Sylvia was very shy. Although she was timid to talk to, there was some undefinable joy that permeated her unremarkable appearance. At her data entry job, she would sit in her cubicle behind a false sense of isolation and security. Occasionally a co-worker would notice her, and ask what her secret is for always being so happy. Sylvia would blush and claim she had none, to avoid further embarrassment. She deeply feared being made fun of, so she rarely said any more than was necessary, and never shared her personal thoughts.
Sylvia knew exactly why she was always so genuinely cheerful. Her desk was neat and sparsely covered, little more than the essentials, nothing except for three little potted plants. Sylvia loves her plants. Her windows at home are stacked from floor to ceiling with pots of every imaginable shape and size, and hanging baskets brimming with bloomed foliage. She misses her desk plants each night and is grateful to greet them each workday. Leaves fill her with a secret joy. No matter where she is or what she’s doing, something green is usually nearby, and can ease her social awkwardness.
One day Sylvia came home from work with a plain cardboard box. On top of that box peered out three little plants. Sylvia wasn’t her usual perky self. Something had happened at work. The company downsized, and although she had been there for eight years, she had always failed to stand out. She smiled at the three little desk plants with tears threatening her eyes, as she made room for them in a front window sill. She didn’t feel like having dinner, so she showered and went to bed early.
The next morning she wept as she watered her tropical and temperate menagerie. Her mind worried about finding employment, and the anxiety first interviews would bring. She was lost in her train of thought when a soulful tender voice interrupted her.
“Why are you so sad today, Sylvia?” The voice asked her.
Sylvia looked around startled but saw no one. “Hello? Who said that? Is someone here?”
“I’m right here in front of you, in the hanging basket you just watered.” The voice huskily replied.
Sylvia, watering can in hand and mouth slightly agape, turned her gaze up to stare at her largest spider plant. It was a behemoth of a thing, bursting like fireworks out of the coco liner. Oh no, she thought, I’m hearing voices, my plants are talking to me.
“Come on now child, you tell me what’s got my baby so blue?” The spider plant pushed.
“I lost my job. I’m afraid to go looking for another. And afraid of if I don’t find something soon enough, before my savings run out, I’ll be in a bad place.” Sylvia just let it all out. Why not, plants won’t laugh at you, will they? Sylvia had never been so raw and honest verbally before.

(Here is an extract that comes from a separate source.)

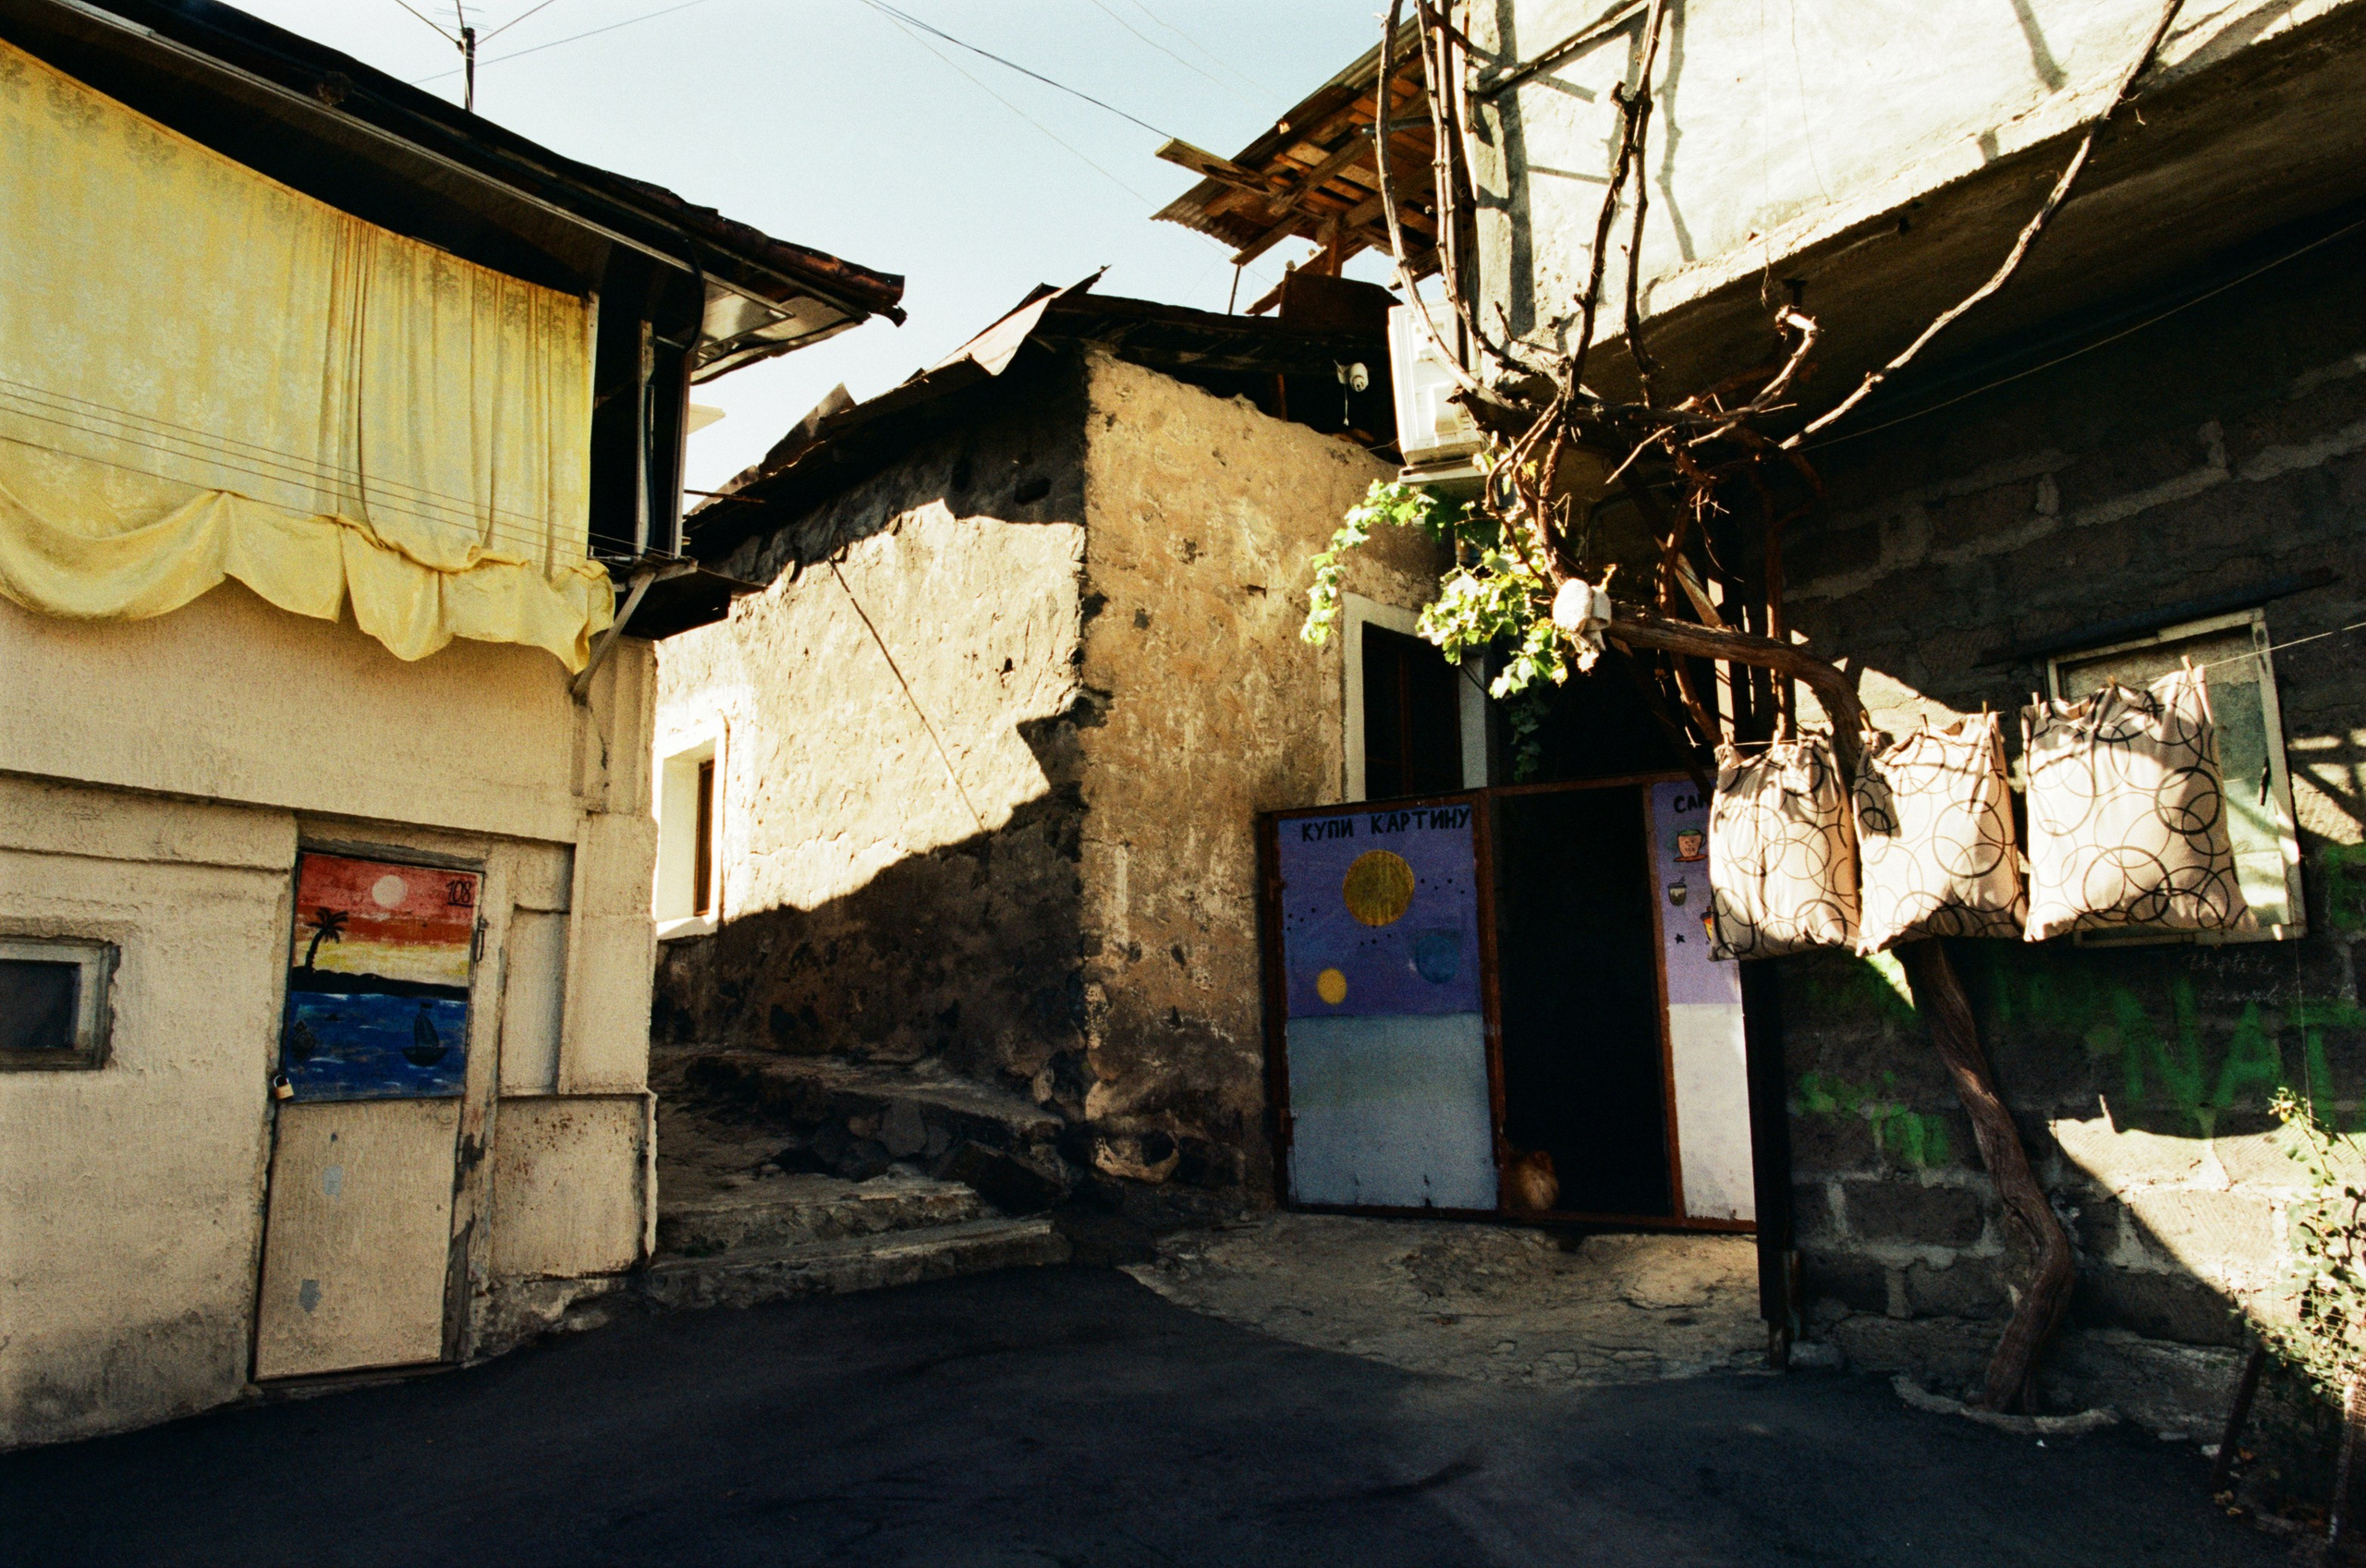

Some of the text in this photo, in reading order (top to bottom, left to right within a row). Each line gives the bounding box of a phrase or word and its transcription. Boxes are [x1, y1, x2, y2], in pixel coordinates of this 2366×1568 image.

“Oh, I’m sorry baby. I know how much you loved to work there. Always coming and going, day after day, happy each morning, mmm-hmm.” The spider plant soothed.
Sylvia thought about it a minute. “Well, I didn’t really love to work there. I didn’t mind it. I was just eager to see those three,” she pointed at the new comers.
“Well those three seem to be doing just fine. Don’t be sad Sylvia. Here, you can take some of my babies,” The plant started.
Sylvia looked down at the dozens of pups swinging from stems below their mother.
“Hello!” They sang to her in unison.
“Share them with the world; see if you can make a few bucks. I can always make more. Maybe they can bring joy to others too.” The spider plant reasoned.
“You can take some of my niños! My terra cotta is overflowing!” A much crowded aloe shouted out.
“My roots are so tight in here,” said a peacock plant, “perhaps you can separate me into several pots, and give me more room to stretch them out?”
One by one all of her beloved house plants began offering to propagate and share themselves with anyone who would choose to appreciate them. Sylvia couldn’t believe what she was hearing. Also, she worried she may have had a mental breakdown. She went to her shed anyways, and pulled out stacks of dirty used plastic pots. She cleaned them up as good as new. Then she drove to the hardware store and loaded her trunk with heavy bags of soil.
Over the next several days she clipped and snipped, separated and rooted all of her plethora of plants. She set up a nursery area in her dining room, because it had the best windows and sunlight. She would sing to the tender cuttings as they established in their pots. Gently watering and tending to them as if they were her very own children.
One sunny afternoon she loaded her car seats with boxes, brimming with cheerful young sprouts. Sylvia drove around to flower and garden shops all day. She must have talked to thirty different stores. Three stores agreed to purchase her potted angels, and took her information should they need another order.
A few days later, Sylvia took photos of dozens of her lovely plants and created a web-site to sell them. After two months she was able to invest in a greenhouse for her backyard. Sylvia had the happiest plants, and they beamed for her camera. Her houseplant business grew and grew.
She continued her tenderness and care with each new batch of babies in the nursery. She would always tell them the story of their elders. It began like this…
“One day, I lost my job,” the sprouts would lean in to listen to the tale.
“It was the greatest day of my life.”